Researchers develop oral capsule to control gut bacteria via mobile app
The team from Tianjin University and other institutes in China trialled the capsule in pigs with colon inflammation.
In a paper published in the journal Nature Microbiology, the researchers have described how it can help control and allow for a two-way communication with gut bacteria.

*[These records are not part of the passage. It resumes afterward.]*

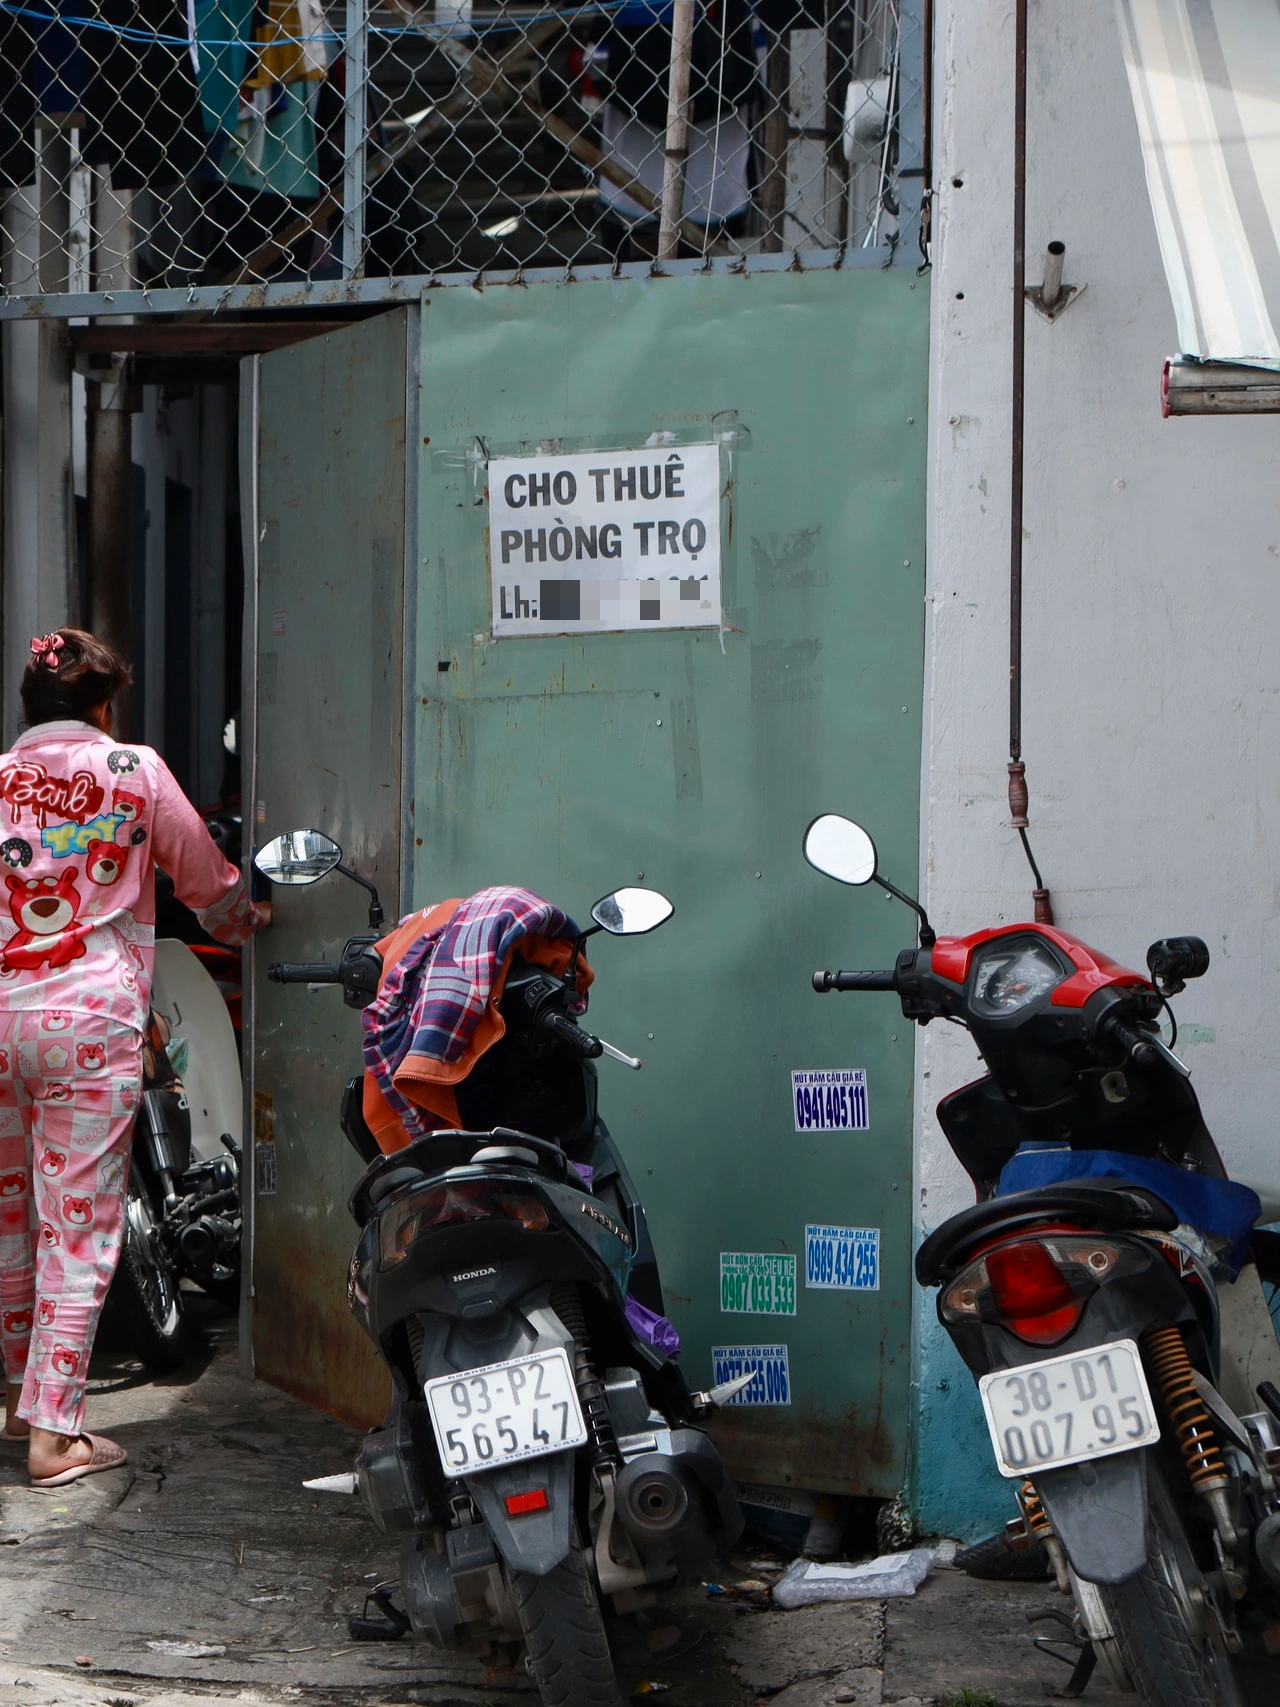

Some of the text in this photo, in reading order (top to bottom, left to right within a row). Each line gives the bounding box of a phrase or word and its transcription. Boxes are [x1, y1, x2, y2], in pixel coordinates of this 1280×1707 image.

[504, 453, 685, 509] CHO THUÊ
[500, 517, 707, 565] PHÒNG TRỌ
[795, 1072, 807, 1083] HÚT
[809, 1071, 825, 1083] HẦM
[826, 1071, 840, 1082] CẦU
[842, 1071, 853, 1082] GIÁ
[796, 1086, 866, 1128] 0941.405.111
[73, 1120, 107, 1147] bear
[808, 1226, 821, 1236] HÚT
[822, 1226, 838, 1238] HẦM
[840, 1228, 854, 1239] CẦU
[855, 1229, 867, 1240] GIÁ
[452, 1266, 497, 1283] HONDA
[808, 1238, 876, 1288] 0989.434.255
[722, 1273, 795, 1314] 0987.033.533
[714, 1347, 727, 1358] HÚT
[449, 1362, 552, 1419] 93-P2
[1004, 1353, 1120, 1418] 38-D1
[445, 1401, 569, 1467] 565.47
[504, 1446, 551, 1461] HOANG
[552, 1437, 581, 1449] CAU
[1002, 1395, 1144, 1467] 007.95
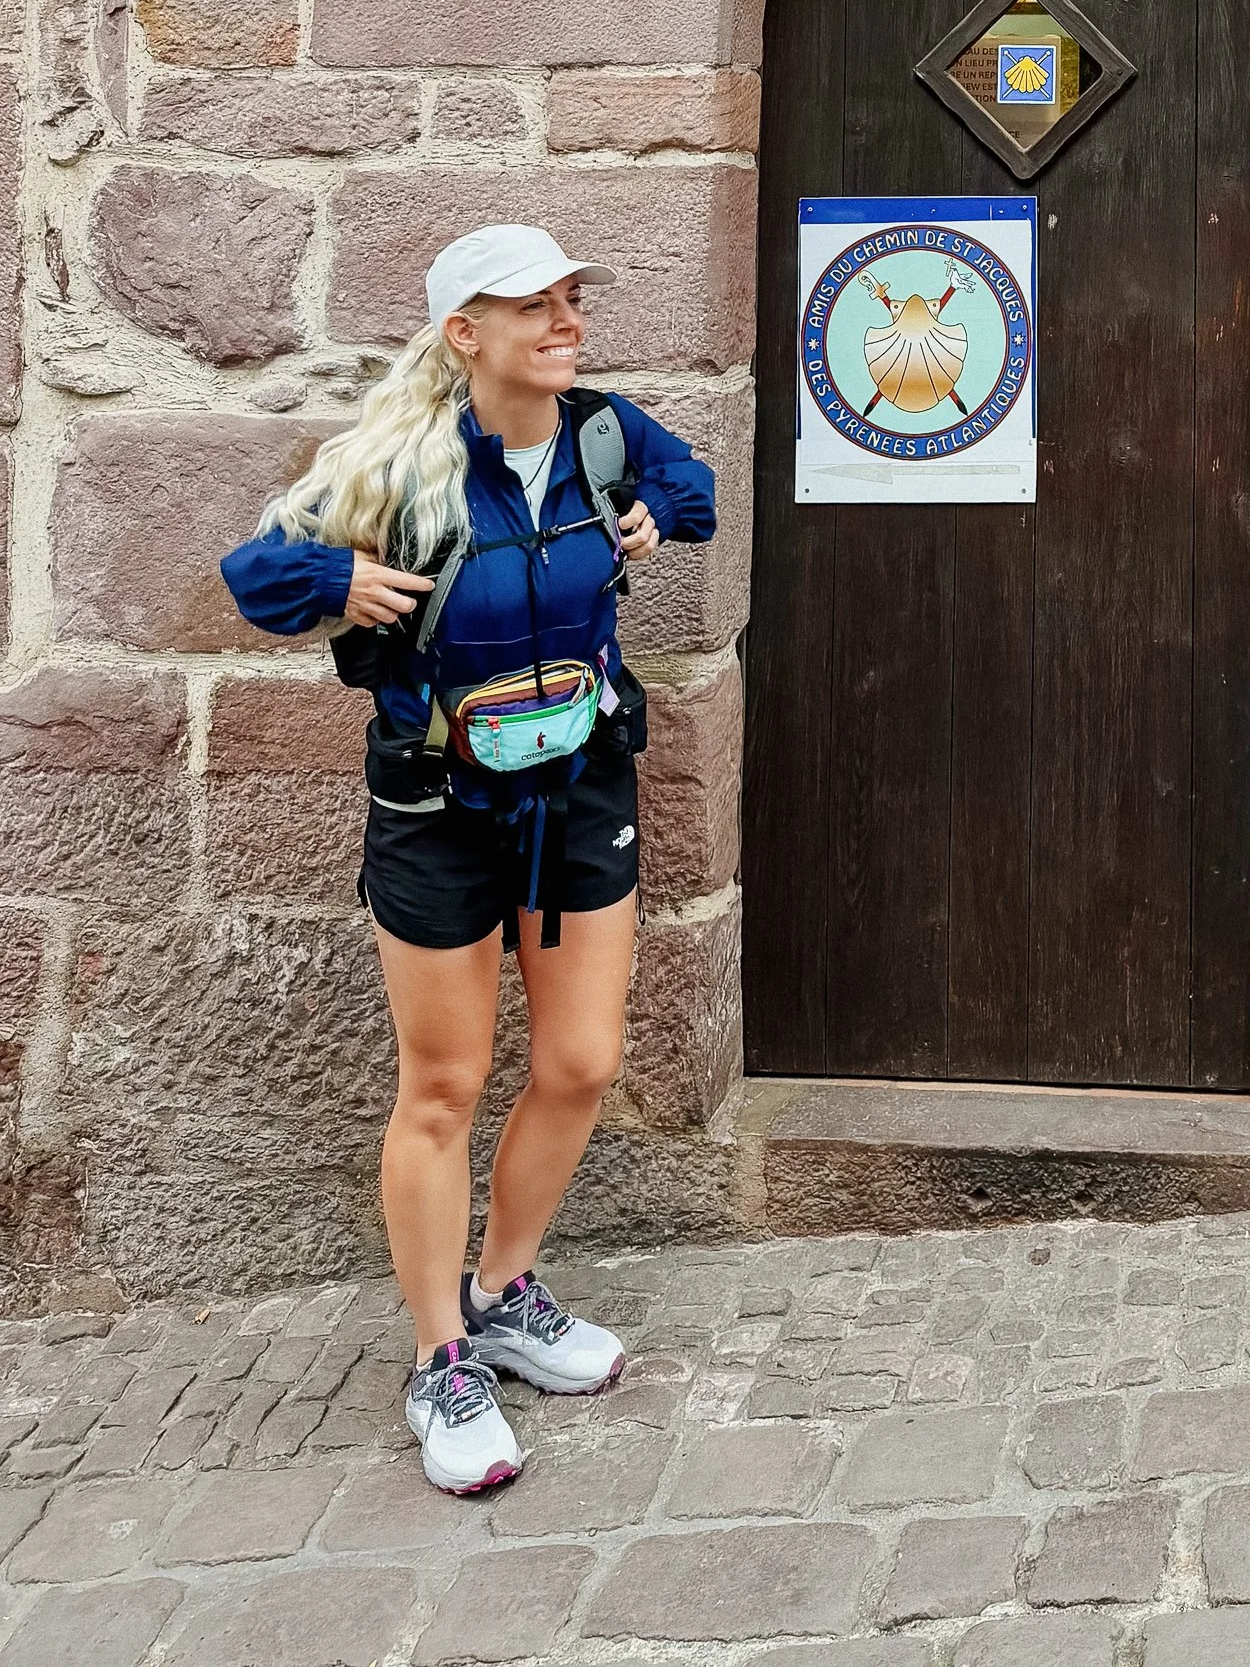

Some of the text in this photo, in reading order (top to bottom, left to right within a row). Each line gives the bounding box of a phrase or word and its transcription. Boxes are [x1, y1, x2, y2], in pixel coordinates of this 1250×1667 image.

[965, 47, 980, 55] AU
[965, 59, 985, 67] LIEU
[963, 71, 976, 79] UN
[808, 230, 1024, 328] AMIS DU CHEMIN DE ST JACQUES
[808, 356, 1025, 456] DES PYRENEES ATLANTIQUES
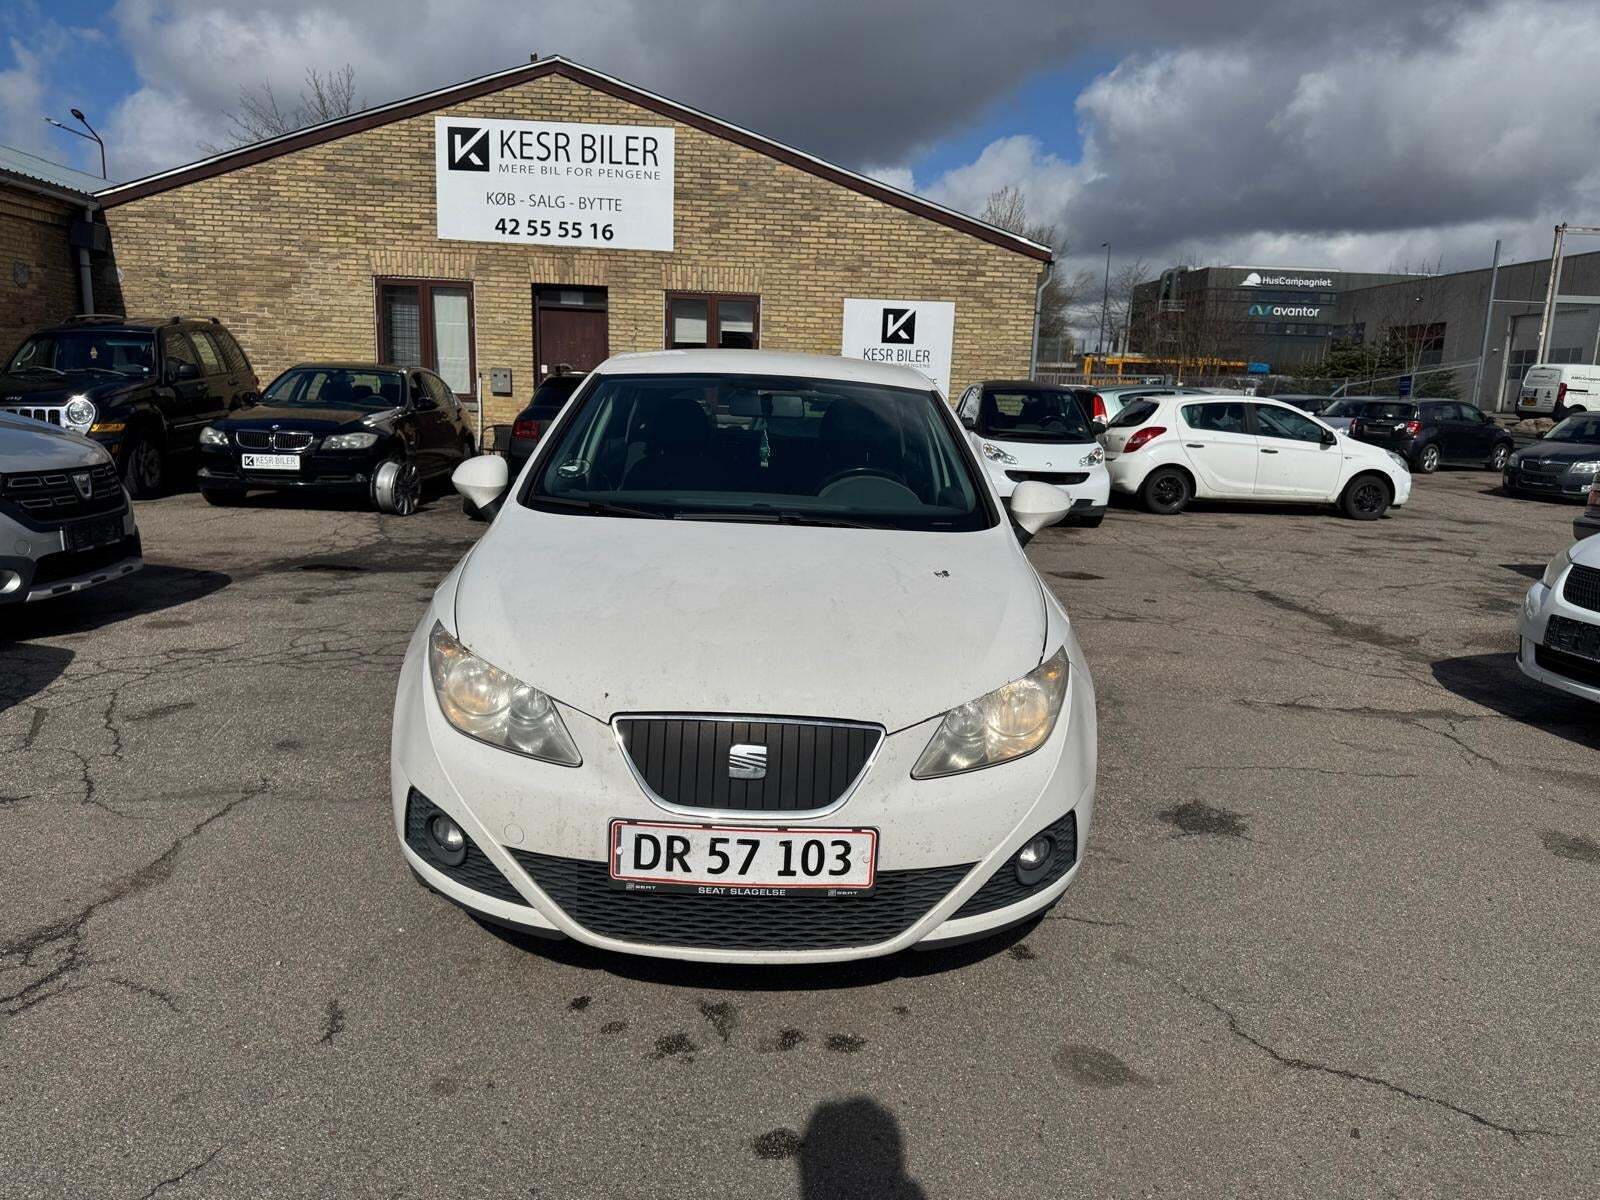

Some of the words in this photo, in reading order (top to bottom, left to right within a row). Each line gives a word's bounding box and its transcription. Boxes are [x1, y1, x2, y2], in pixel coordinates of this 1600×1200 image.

[500, 129, 571, 162] KESR
[581, 133, 659, 167] BILER
[498, 163, 535, 174] MERE
[540, 165, 560, 176] BIL
[566, 166, 593, 177] FOR
[598, 168, 661, 180] PENGENE
[486, 191, 516, 206] KØB
[528, 193, 566, 209] SALG
[578, 196, 622, 212] BYTTE
[495, 217, 521, 236] 42
[526, 219, 552, 237] 55
[558, 221, 583, 239] 55
[590, 222, 614, 241] 16
[1262, 276, 1333, 288] HusCompagniet
[1272, 306, 1320, 317] avantor
[863, 347, 894, 361] KESR
[896, 349, 931, 363] BILER
[633, 833, 692, 873] DR
[707, 837, 761, 875] 57
[777, 839, 852, 877] 103
[698, 886, 726, 895] SEAT
[730, 887, 786, 896] SLAGELSE

Gastrointestinal bacteria, such as Escherichia coli (E. coli), are known to impact health. E. coli can be modified to deliver drugs to a specific site inside animals, the team explained.
However, once inside, the bacteria cannot be controlled, nor can it be communicated with, they said.
For the study, the authors
engineered E. coli
to communicate with a "smart" capsule using light. The capsule, featuring a circuit board and powered by batteries, was developed as an oral ingestible.
Three pigs, that were induced with colitis -- an inflammation of the colon, were colonised with the engineered gut bacteria that emitted light upon detecting nitrate, a biomarker that indicates colitis.
The pigs ingested the smart capsule, which detected the light emitted by the engineered gut bacteria and relayed it to a smartphone app that connects to the capsule via bluetooth, the researchers said.
Through the app, the team directed the capsule to emit light by flashing an LED (light-emitting diode), which then turned on a light-sensitive genetic circuit in the engineered E. coli.
The genetic circuit triggered the production of anti-inflammatory antibodies that alleviated colitis, the authors said.
By improving control over how an engineered bacteria behaves inside a living organism, the technology could boost the precision of diagnoses and therapies that make use of microbes, the team said.
They added that further refinement to support multiple rounds of communication and clinical testing could one day allow for its application in treating human diseases.
The authors wrote, "As a proof of concept, we engineered E. coli Nissle 1917 to detect infammation-associated nitric oxide in the pig gut and generate a bioluminescent signal for diagnosis of colitis."
"This approach highlights the potential for integrating
synthetic biology
and optoelectronics for digital health monitoring and controllable intervention," they wrote.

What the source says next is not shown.